On Monday, May 31, 2021 at 10:29:08 AM UTC-6, MitchAlsup wrote:

> I might note that since LDM/STM perform so much data movement, it is
> OK that they take up more than 32-bits of the instruction stream. Just a
> thought.

Oh, yes. I basically agree with that, _but_, since my Concertina II architecture,
at least in most of its incarnations, *required* that a block have a header if
instructions are going to have the ability to be longer than 32 bits, any instruction
that is common enough that most programs will need at least one... is highly
desirable to make available in a 32 bit length, if at all possible.

> > So in a 32-bit memory-reference instruction, the base register field is _three
> > bits_ and the index register field is _three bits_ in length. Not *five* bits.

> Yuck !

Yes, I realize that this constitutes a sad departure from orthogonality.

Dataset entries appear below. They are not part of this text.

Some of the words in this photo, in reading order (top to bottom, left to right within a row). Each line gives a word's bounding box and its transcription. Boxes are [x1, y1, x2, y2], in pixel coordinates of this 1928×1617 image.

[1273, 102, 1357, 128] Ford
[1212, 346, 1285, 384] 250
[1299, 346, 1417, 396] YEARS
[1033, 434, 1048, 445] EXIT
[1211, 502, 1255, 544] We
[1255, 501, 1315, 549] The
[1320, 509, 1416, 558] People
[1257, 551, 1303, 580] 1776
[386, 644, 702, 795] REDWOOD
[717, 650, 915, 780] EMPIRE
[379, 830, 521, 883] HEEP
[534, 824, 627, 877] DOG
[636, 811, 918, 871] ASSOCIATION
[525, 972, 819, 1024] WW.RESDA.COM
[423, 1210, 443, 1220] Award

So of the 32 general registers, from 0 to 31, only registers 1 through 7 may
be index registers, and only registers 25 through 31 may be ordinary
base registers, pointing to a 65,536-byte segment in memory.

If this hadn't been the case, and these fields had been five bits long, there is
no way I could have made the address formats I desired fit into a 32-bit
word. My goal is to achieve the nearly impossible task of...

matching the IBM System/360 in how much space instructions of different
types take up, while

having 32 registers instead of 16,

and having 16-bit displacements instead of 12-bit displacements.

Back when I just had 8 registers, I managed by shortening the opcode
field to seven bits for general memory-reference instructions. With 32
registers, something has to give - trade-offs have to be made.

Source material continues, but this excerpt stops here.